Misadventures in the city

By Beth Connors-Manke

I’m wary of manifestos, but nonetheless I’m now offering mine. When NoC closed up shop for our annual holiday break, I was feeling cynical. On national news, I was listening to yahoos rail against American families receiving governmental assistance because of lost or downgraded jobs. Newt Gingrich was bombastically recommending that Occupiers give up their lazy ways and “go get a job right after they take a bath.” Even here in Lexington, the response to the New Life Day Center on Martin Luther King showed the degree to which some are willfully ignorant of the struggles—shared by many—brought on by this recession.

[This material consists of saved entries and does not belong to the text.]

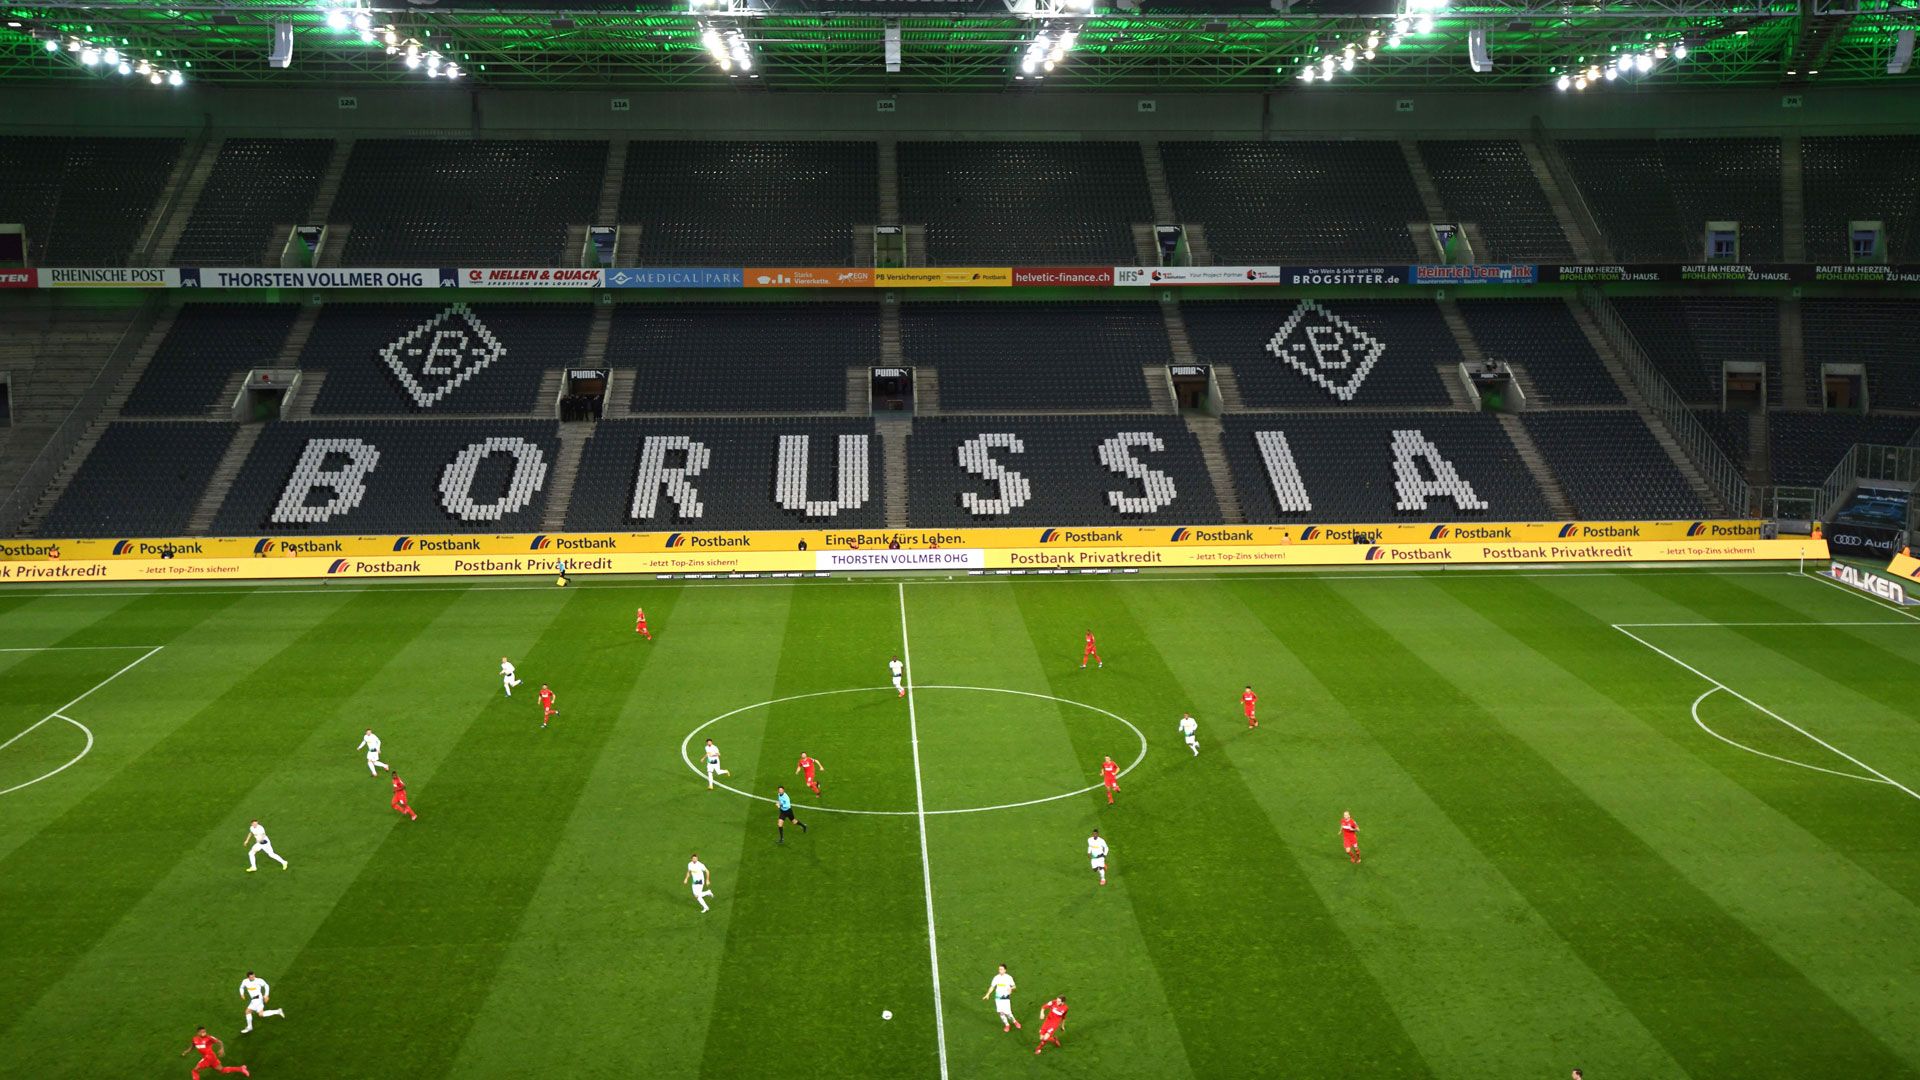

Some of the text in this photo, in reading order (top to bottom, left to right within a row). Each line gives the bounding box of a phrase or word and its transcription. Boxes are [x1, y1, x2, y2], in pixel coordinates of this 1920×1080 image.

[489, 270, 600, 281] NELLEN & QUACK
[1417, 266, 1472, 278] Heinrich
[1559, 266, 1627, 275] RAUTE IM HERZEN,
[1681, 265, 1754, 274] RAUTE IM HERZEN,
[1816, 265, 1892, 274] RAUTE IM HERZEN,
[0, 274, 29, 283] TEN
[51, 269, 166, 283] RHEINISCHE POST
[218, 272, 423, 287] THORSTEN VOLLMER OHG
[635, 273, 741, 283] MEDICAL PARK
[887, 273, 941, 282] Versicherungen
[1015, 272, 1110, 283] helvetic-finance.ch
[1119, 271, 1138, 282] HFS
[1293, 275, 1400, 284] BROGSITTER.de
[1559, 273, 1660, 281] #FOHLENSTROM ZU HAUSE.
[1747, 273, 1759, 281] ZU
[1761, 273, 1791, 281] HAUSE.
[1816, 273, 1920, 281] #FOHLENSTROM ZU HAU
[181, 278, 198, 287] AXA
[439, 278, 457, 287] AXA
[875, 368, 899, 378] PUMA
[270, 429, 1489, 524] BORUSSIA
[1065, 530, 1123, 543] Postbank
[1196, 529, 1254, 542] Postbank
[1455, 527, 1512, 540] Postbank
[1583, 525, 1641, 538] Postbank
[1711, 524, 1761, 537] Postban
[419, 538, 481, 551] Postbank
[556, 537, 617, 549] Postbank
[691, 535, 751, 548] Postbank
[857, 533, 889, 545] Bank
[922, 532, 966, 545] Leben.
[1864, 538, 1893, 549] Audi
[140, 541, 203, 555] Postbank
[281, 540, 343, 553] Postbank
[1666, 546, 1756, 557] Jetzt Top-Zins sichern!
[1010, 551, 1162, 566] Postbank Privatkredit
[1196, 552, 1286, 564] Jetzt Top-Zins sichern!
[1391, 548, 1452, 561] Postbank
[1483, 546, 1633, 560] Postbank Privatkredit
[454, 558, 613, 572] Postbank Privatkredit
[649, 558, 739, 570] Jetzt Top-Zins sichern!
[832, 553, 969, 566] THORSTEN VOLLMER OHG
[16, 564, 108, 578] Privatkredit
[145, 565, 240, 576] Jetzt Top-Zins sichern!
[356, 560, 421, 574] Postbank
[1831, 561, 1905, 606] FALKEN

For weeks, I chewed on the idea that Americans seem to hate the poor. In discussions, friends and I floated theories about why that might be the case. The best reason I could furnish was that a fair number of Americans believe that their fate could never be that of the Castor family on government aid, or of Jacob who needs a day center to shield him, at least temporarily, from the challenges of living on the street.

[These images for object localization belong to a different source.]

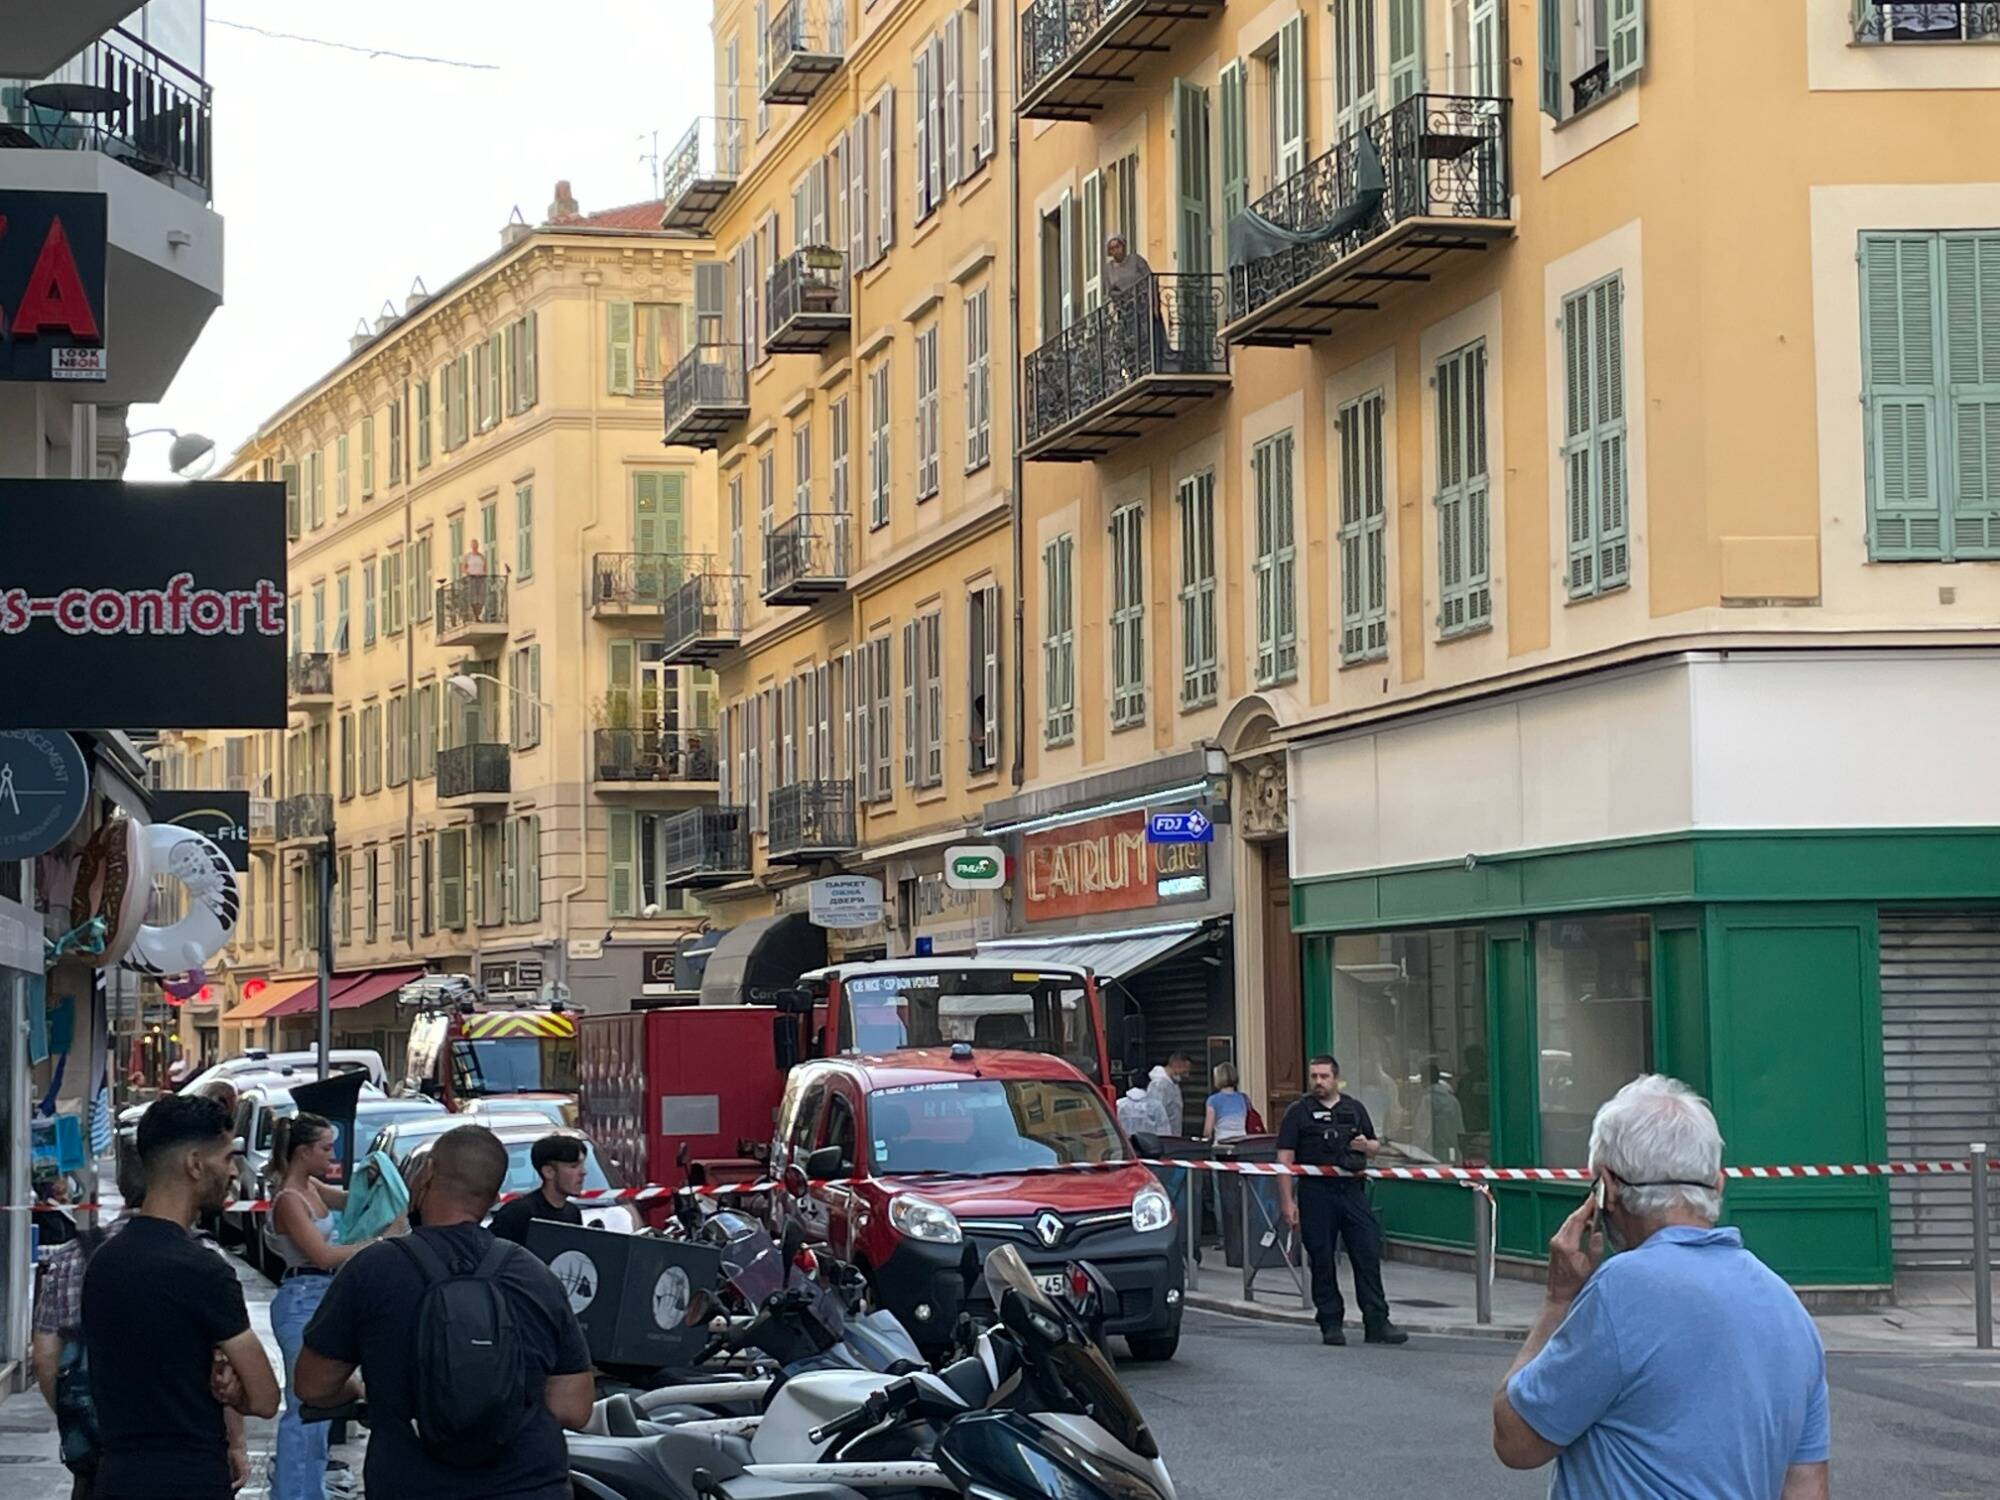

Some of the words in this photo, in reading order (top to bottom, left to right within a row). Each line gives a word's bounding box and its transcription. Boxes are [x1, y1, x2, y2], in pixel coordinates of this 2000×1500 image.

[0, 212, 99, 337] A
[59, 350, 98, 358] LOOK
[59, 359, 99, 367] NEON
[0, 573, 285, 635] s-confort
[1156, 818, 1183, 831] FDJ
[1026, 829, 1149, 902] L'ATRIUM
[865, 979, 881, 991] NICE

However, from experience, I know that I’m not far from needing a governmental safety net, not far from losing everything—even with a good education and a strong work ethic. All it takes is one serious illness, a spouse who can’t find a job, and a mountain of medical debt.

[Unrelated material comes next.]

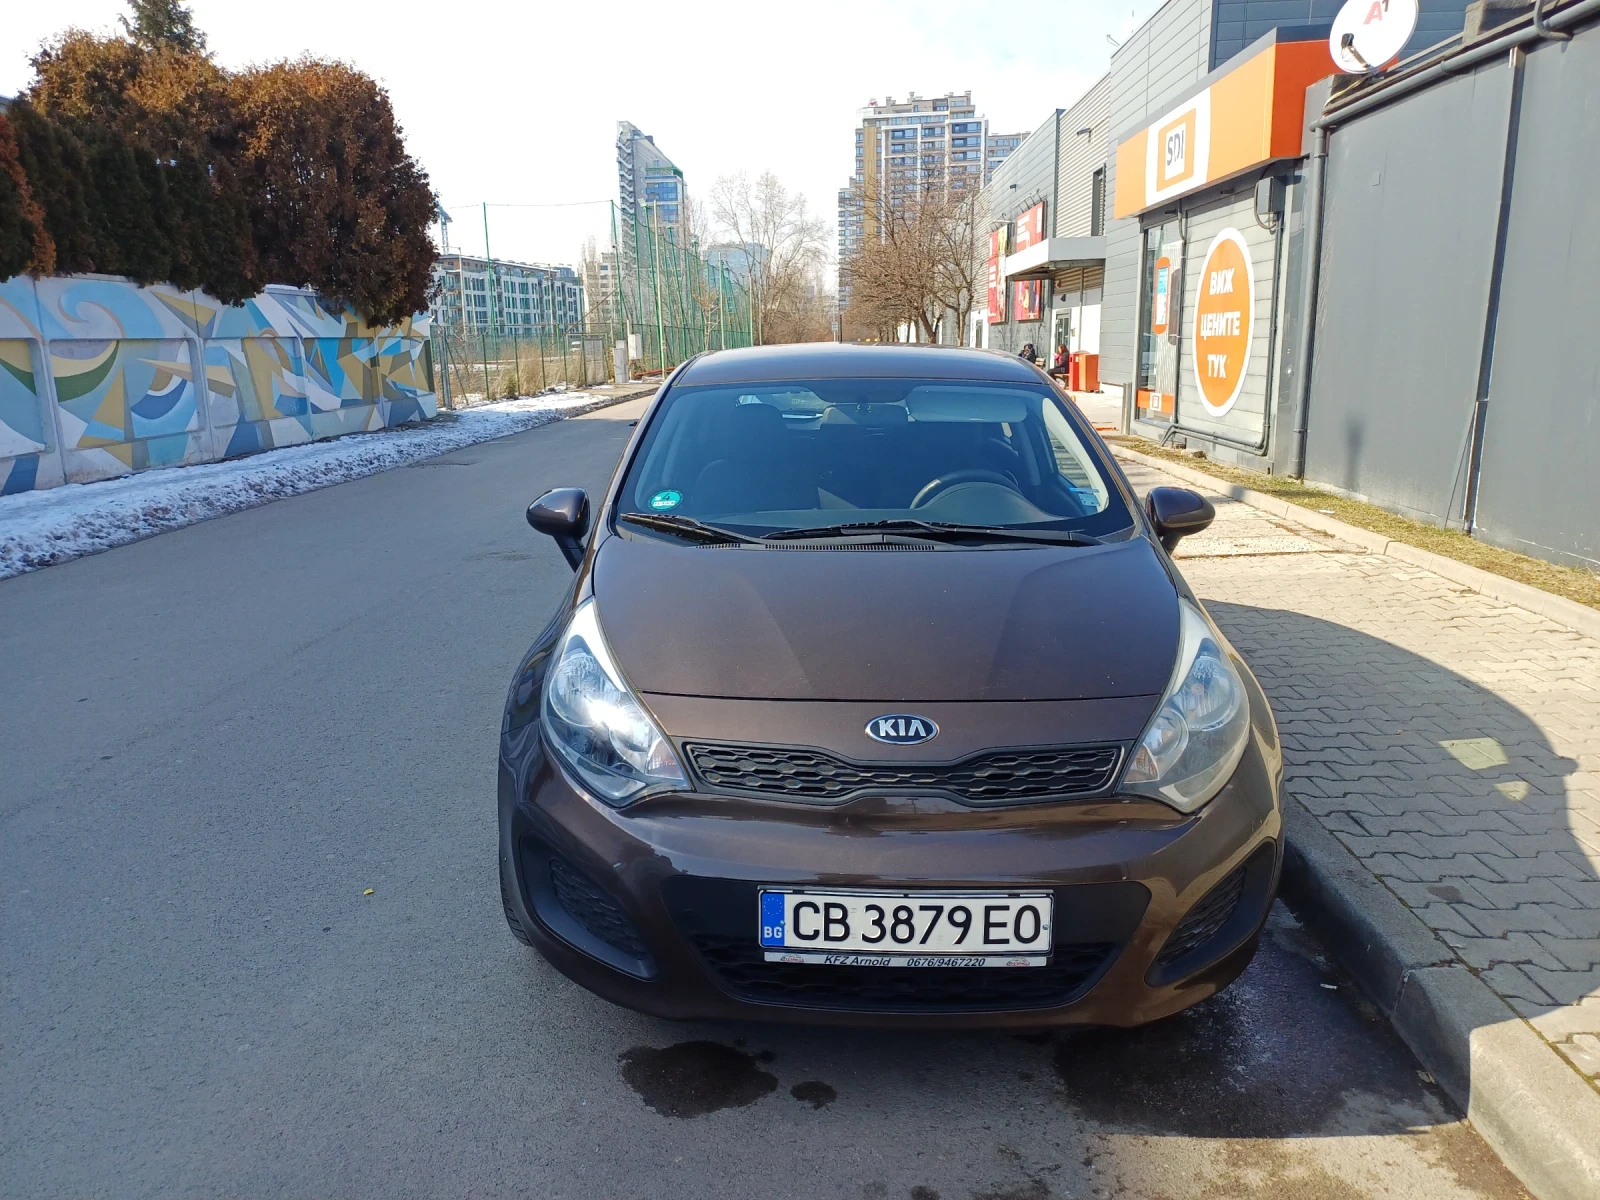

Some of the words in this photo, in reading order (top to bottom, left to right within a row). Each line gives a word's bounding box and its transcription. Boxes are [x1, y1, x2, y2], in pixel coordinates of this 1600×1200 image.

Believing that many Americans hate the poor didn’t leave me with much recourse. I could sputter and spit like other ideologues ramming their rigid view down people’s throats, or I could assert a different way of being in the world, a different set of values.

So here it is: What I want for me and mine, I want for you and yours.

That’s my principle. One line that I hope will help me combat, or at least help me keep my sanity, during the toxic political discourse saturating our lives this election season.

Manifesto Platform 1: Education. I received a strong education, and I want that for all children, especially for the kids in my neighborhood. That means supporting the public school system in general and the schools in my area in particular. For me, that includes investing in William Wells Brown Elementary and Arlington Elementary, the two schools closest to me.

Manifesto Platform 2: Housing. A home is a basic need, without which one cannot easily raise a family, hold a job, stay healthy, or build a future. There are many ways to ensure that affordable and decent housing are available to everyone. I advocate for the creation of an Affordable Housing Trust Fund (AHTF) in Lexington.

Manifesto Platform 3: Freedom from coerced labor. Human trafficking has recently garnered more attention, including in Kentucky. If the term is new to you, here is how it is defined by Kentucky law (as reported by the Lexington Herald-Leader): “human trafficking is a criminal activity whereby a person is subjected to forced labor or commercial sexual activity through the use of force, fraud or coercion. In the case of juveniles, the commercial sexual activity does not need to involve force, fraud or coercion.”

According to state Rep. Sannie Overly, who introduced the Human Trafficking Victims Rights Act (House Bill 350), “Victims can be adult men and women, but unfortunately the incidence of trafficking children has risen at an alarming pace in Kentucky, and we need to stem the tide before we lose this battle.” KY Rescue and Restore and Not For Sale are two organizations that fight this modern form of slavery; other smaller groups and ministries also exist in central Kentucky.

Note that none of my platforms include the desire to buy more shoes than I can ever wear, build a ginormous house, monopolize natural resources, or control a SuperPAC. If I want those things for myself, by definition, I can’t want them for others because they are premised on a skewed distribution of resources and power. All this is to say that, when political candidates tell you to think only of your needs (whether they be in terms of health care law, tax policy, financial regulation, or immigration reform), they are telling you to destroy your own community. Without good schools in my area, there will be more crime by youths. Without safe and decent housing in Lexington, more families will fall apart, more individuals will lose their already tenuous hold on their job. Without a vigilant fight against human trafficking, we’ll be living in a slave state again—only this time it will live in the shadows.